My question: 4a1+302--2A1203
Which reactant is limiting if 0.32 mol A1and 0.26mol oxygen is available.
My answer is 0.228 is missing
Let's make this a little simpler. Why not call a1 just a. Then
4a + 3O2 ==> 2A2O3. On second thought, I'll bet that is Al (for aluminum so that's an ell and not a number 1) so
4Al + 3O2 ==> 2Al2O3.
What I do for limiting regent(LR) problems is to convert Al to mols Al2O3. Do the same with O2 to mols Al2O3. The one producing the smaller number of mols for Al2O3 is the LR.
0.32 mols Al x (2 mols Al2O3/4 mols Al) = 0.32 x 2/4 = ?
0.26 mols O2 x (2 mols Al2O3/3 mols O2) = 0.26 x 2/3 = ?
The reagent that produces the smaller number of mols Al2O3 is the LR.
I don't know what 0.228 missing means for your answer.
To determine which reactant is limiting, we need to compare the moles of the reactants to their stoichiometric coefficients in the balanced equation.
The balanced equation for the reaction is:
4Al + 3O2 -> 2Al2O3
According to the equation, it takes 4 moles of Al to react with 3 moles of O2 to produce 2 moles of Al2O3.
Given:
- Moles of Al available = 0.32 mol
- Moles of O2 available = 0.26 mol
To determine the limiting reactant, we can compare the moles of Al and O2 to their stoichiometric coefficients in the balanced equation.
For Al:
0.32 mol Al / 4 mol Al = 0.08
For O2:
0.26 mol O2 / 3 mol O2 = 0.0867
From the calculations, we can see that the moles of Al available (0.08) are greater than the moles of O2 available (0.0867).

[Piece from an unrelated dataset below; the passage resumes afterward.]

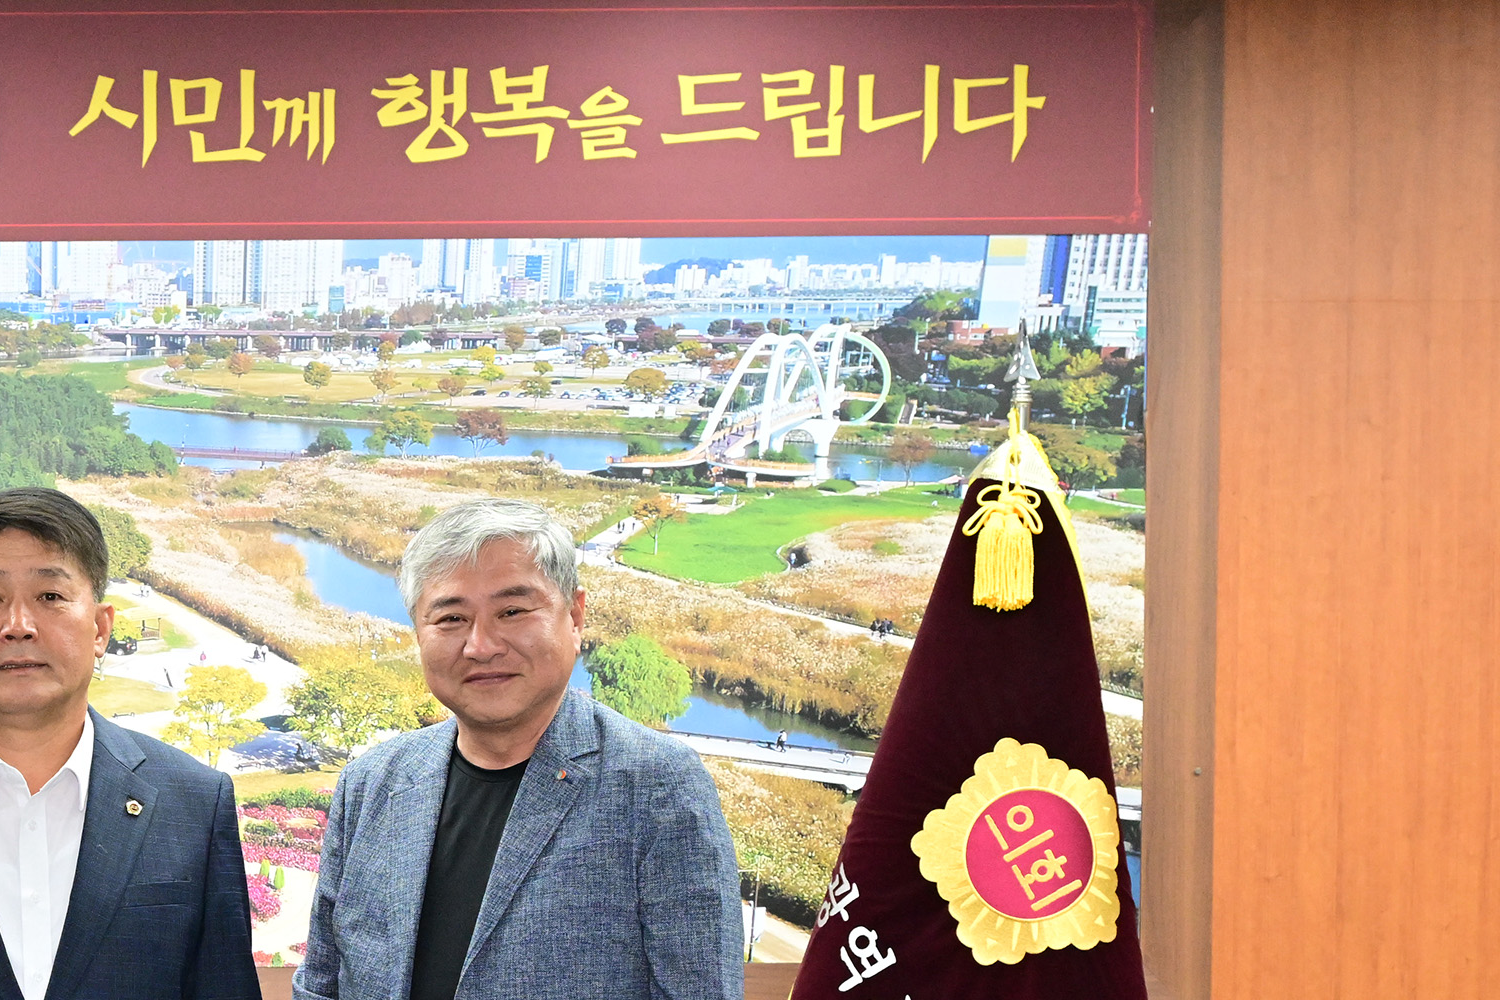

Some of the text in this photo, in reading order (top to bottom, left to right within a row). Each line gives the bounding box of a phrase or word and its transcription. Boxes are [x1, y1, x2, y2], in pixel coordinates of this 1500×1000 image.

Therefore, Al is in excess and O2 is the limiting reactant.
To determine the limiting reactant, you need to compare the number of moles of each reactant available with the stoichiometric ratio of the reaction. Let's break down the given reaction and calculate the number of moles of each reactant:
4A1 + 3O2 -> 2A1203
Given:
0.32 mol A1
0.26 mol O2
Now, let's calculate the number of moles of A1 and O2 needed to react completely:
From the balanced chemical equation, we can see that for every 4 moles of A1, we need 3 moles of O2 to react completely.
Moles of A1 needed = (0.32 mol A1) / (4 mol A1) = 0.08 mol A1
Moles of O2 needed = (0.08 mol A1) * (3 mol O2 / 4 mol A1) = 0.06 mol O2
As we can see, we only have 0.06 mol of O2, which is less than what is required (0.08 mol). Therefore, O2 is the limiting reactant in this case.
The missing value you mentioned (0.228) might not be directly related to this question. If you provide more context or further information, I would be happy to assist you.